Descrito en detalle por primera vez por Hughes, el síndrome de anticuerpos antifosfolípidos (SAA) es un estado de hipercoagulabilidad que entraña el riesgo de trombosis recurrente (arterial, venosa o, ambas) y morbilidad durante el embarazo.

Todavía no se ha llegado a un acuerdo sobre cuál es la mejor manera de tratar este síndrome. Las investigaciones actuales muestran que la anticoagulación intensiva con warfarina no es mejor que el tratamiento estándar, y que todavía falta mucho por conocer sobre la naturaleza y el tratamiento de esta enfermedad.

Problemas terapéuticos

Aunque la hipercoagulabilidad se asocia con la presencia de anticuerpos antifosfolípidos, no todos los pacientes con títulos elevados de esos anticuerpos presentan síntomas. Por otra parte, en algunos pacientes, el tratamiento anticoagulante no da resultado.

A continuación, se presentan 3 casos que muestran la dificultad de manejo que presenta este síndrome. 

Caso 1

Oclusiones coronarias recurrentes

Una mujer de 42 años acude al departamento de emergencias por presentar dolor precordial. No se identifican factores de riesgo de coronariopatía y tampoco antecedentes de enfermedades autoinmunes. Tiene un nivel muy elevado de troponina, además de trombocitopenia leve y anticoagulante lúpico positivo. La angiografía coronaria muestra la oclusión de la arteria coronaria derecha y estenosis severa de la arteria circunfleja. Se colocan stents y se comienza el tratamiento con aspirina y clopidogrel.

Dos días después, mientras se encontraba internada en Unidad Coronaria, sufre un paro cardíaco asistólico. Una nueva angiografía muestra que ambos stents tienen una obstrucción del 100%. Se vuelven a colocar stents. Dos días después, presenta dolor precordial y nuevamente se comprueba la oclusión de los stents. Luego de estabilizarla clínicamente, se le da el alta hospitalaria y se traslada a su domicilio, para seguir tratamiento con aspirina, clopidogrel y warfarina en dosis terapéuticas.
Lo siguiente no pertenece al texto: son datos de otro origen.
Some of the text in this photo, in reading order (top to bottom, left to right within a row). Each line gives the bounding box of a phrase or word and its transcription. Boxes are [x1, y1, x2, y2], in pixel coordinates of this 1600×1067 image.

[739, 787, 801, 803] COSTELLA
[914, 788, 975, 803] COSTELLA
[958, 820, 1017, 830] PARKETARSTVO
Dos semanas más tarde, la paciente concurre a su médico de cabecera por presentar petequias y equimosis. Este cuadro coincidió con una plaquetopenia extrema (20.000/mm3). Se suspendieron los fármacos anticoagulantes y se comenzó a administrar prednisona, en dosis de 50 mg/día. Tres días después, el recuento de plaquetas ascendió a 69.000/mm3 y se reinició el tratamiento con aspirina y clopidogrel.
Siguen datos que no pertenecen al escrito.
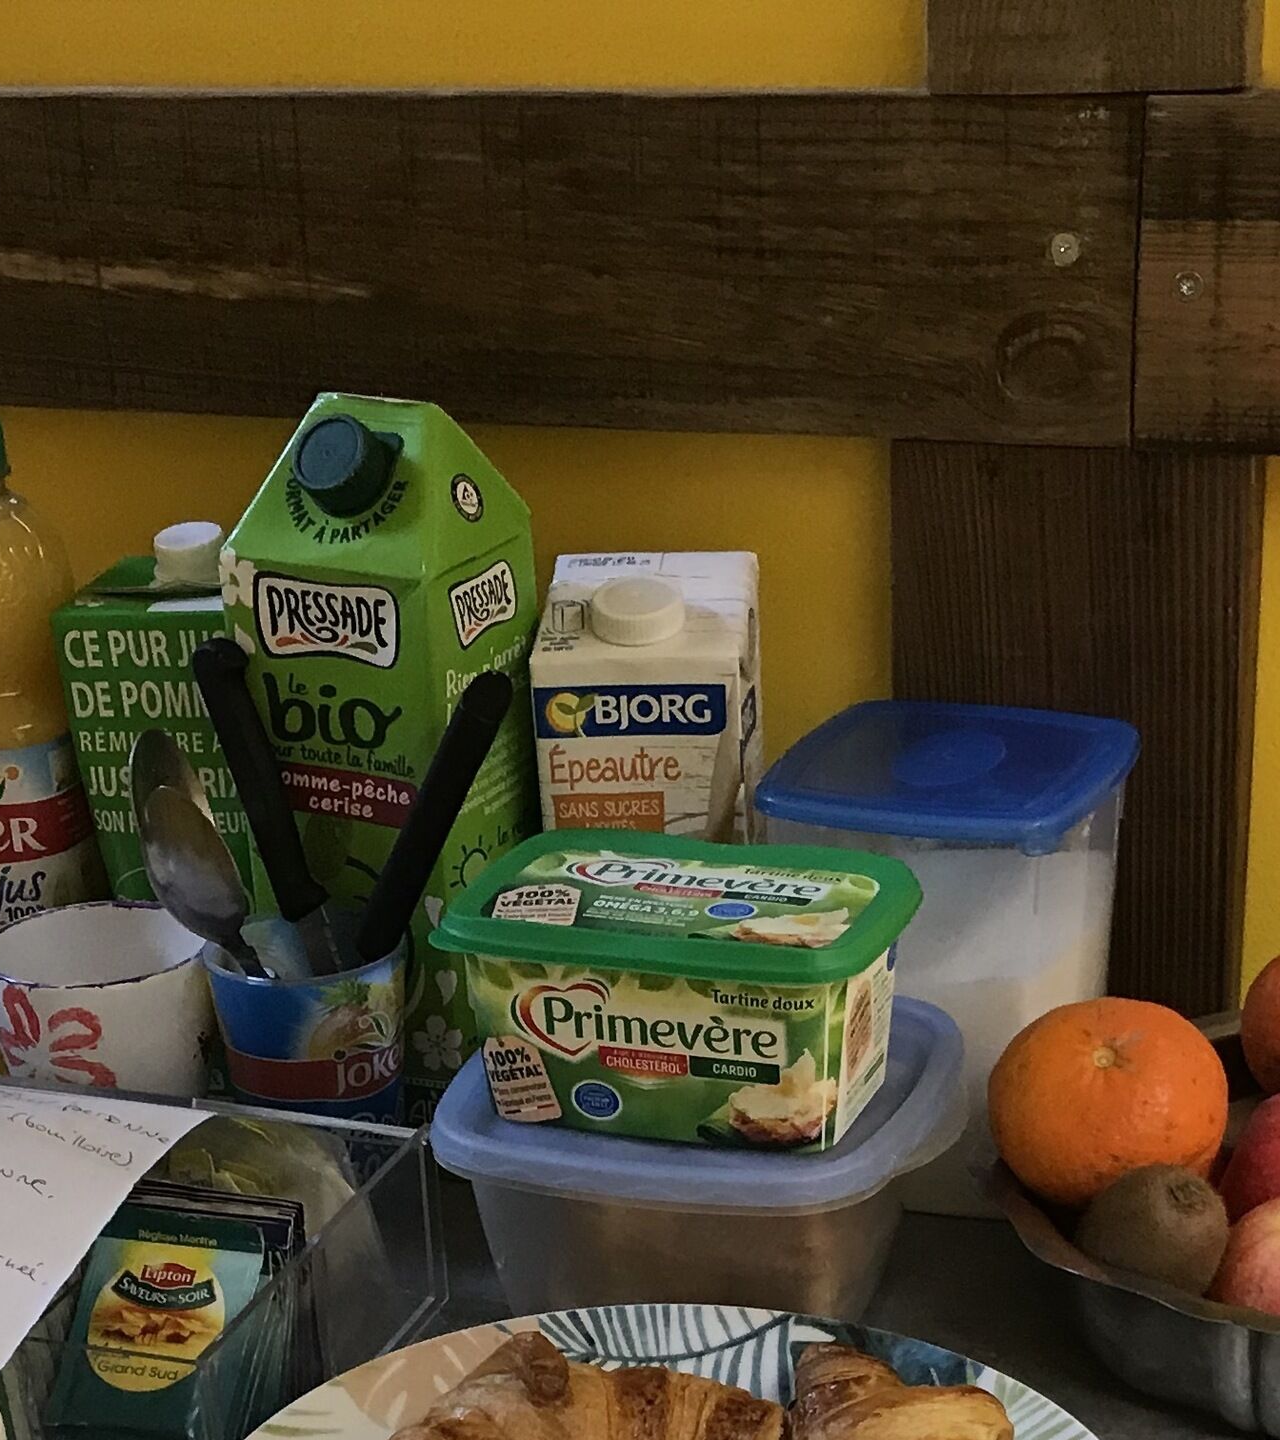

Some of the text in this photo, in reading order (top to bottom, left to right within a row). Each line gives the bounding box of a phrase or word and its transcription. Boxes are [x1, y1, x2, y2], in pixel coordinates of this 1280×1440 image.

[285, 467, 316, 533] ORMAT
[329, 480, 410, 544] PARTAGER
[454, 569, 512, 632] PRESSADE
[266, 584, 389, 648] PRESSADE
[63, 629, 104, 668] CE
[107, 629, 171, 668] PUR
[288, 672, 309, 696] le
[70, 680, 115, 719] DE
[262, 671, 403, 749] bio
[594, 693, 712, 732] BJORG
[299, 743, 343, 765] toute
[346, 745, 363, 768] la
[366, 750, 417, 778] famille
[548, 744, 683, 791] Épeautre
[280, 770, 411, 806] omme-pêche
[308, 795, 374, 818] cerise
[559, 799, 660, 818] SANS SUCRES
[514, 887, 570, 900] 100%
[593, 862, 822, 897] Primevère
[593, 899, 652, 914] OMÉGA
[744, 893, 788, 902] CARDIO
[710, 988, 815, 1012] Tartine doux
[542, 995, 778, 1059] Primevère
[488, 1046, 532, 1068] 100%
[606, 1054, 682, 1075] CHOLESTÉROL
[712, 1063, 757, 1079] CARDIO
[489, 1064, 543, 1083] VÉGÉTAL
[144, 1267, 192, 1284] Lipton
[119, 1276, 211, 1305] SAVEURS SOIR
[97, 1359, 179, 1381] Grand Sud
Dos días más tarde, volvió a sufrir precordialgia y la angiografía reveló la oclusión completa de la arteria circunfleja coronaria derecha más el 40% de oclusión proximal de la arteria descendente anterior izquierda. El cardiólogo tratante consideró inútil volver a reemplazar los stents.

Caso 2

Trombosis arterial causante de amputación

Se trata de una mujer de 48 años con síndrome nefrótico que, en forma gradual, desarrolla isquemia arterial de la pierna derecha. No tiene antecedentes de lupus eritematoso sistémico pero la prueba para el anticoagulante lúpico es negativa. Concurre al hospital con dolor y frialdad en la pierna, haciéndose  el diagnóstico de trombosis arterial. Se elimina el coágulo y se realiza la angioplastia de la estenosis.
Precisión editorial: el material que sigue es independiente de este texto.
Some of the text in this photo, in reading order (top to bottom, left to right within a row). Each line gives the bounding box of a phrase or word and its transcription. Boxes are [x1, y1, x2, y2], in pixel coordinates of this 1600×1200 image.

Un mes después presenta isquemia de ambas piernas. Se inicia tratamiento anticoagulante pero su cuadro empeora. La angiografía aórtica revela oclusión de la aorta distal a pesar de tener el resto de la aorta y su corazón normales. Se indica la amputación supracondílea de ambas piernas y tratamiento antigangrenoso.

Caso 3

Embolia pulmonar recurrente

Una mujer de 35 años presenta hemoptisis como consecuencia de embolismo pulmonar. Tiene antecedentes de cinco incidentes separados de embolia pulmonar, a pesar de haber sido tratada con la colocación de un filtro en la vena cava inferior y anticoagulación intensiva con warfarina. 

Anticuerpos antifosfolípidos

Los anticuerpos antifosfolípidos son un grupo de autoanticuerpos dirigidos contra complejos específicos de glucoproteínas (en general, asociados a células) y fosfolípidos aniónicos. Estos anticuerpos aparecen espontáneamente o pueden estar asociados con diversos factores, como:

* Enfermedades autoinmunes (lupus eritematoso sistémico)

* Fármacos como procainamida, hidralazina, quinidina y clorpromacina

* Otras enfermedades (virus de la inmunodeficiencia humana, hepatitis, infecciones bacterianas crónicas, malaria).

Los anticuerpos antifosfolípidos pueden dividirse en dos grupos generales: anticuerpos anticardiolipina y anticoagulantes lúpicos.

Los anticuerpos anticardiolipina fueron los primeros descritos durante la Segunda Guerra Mundial en soldados con VDRL positiva falsa. La mayoría de los anticuerpos anticardiolipina está dirigida contra la glucoproteína-1 beta 2, la cual forma un complejo con los fosfolípidos celulares.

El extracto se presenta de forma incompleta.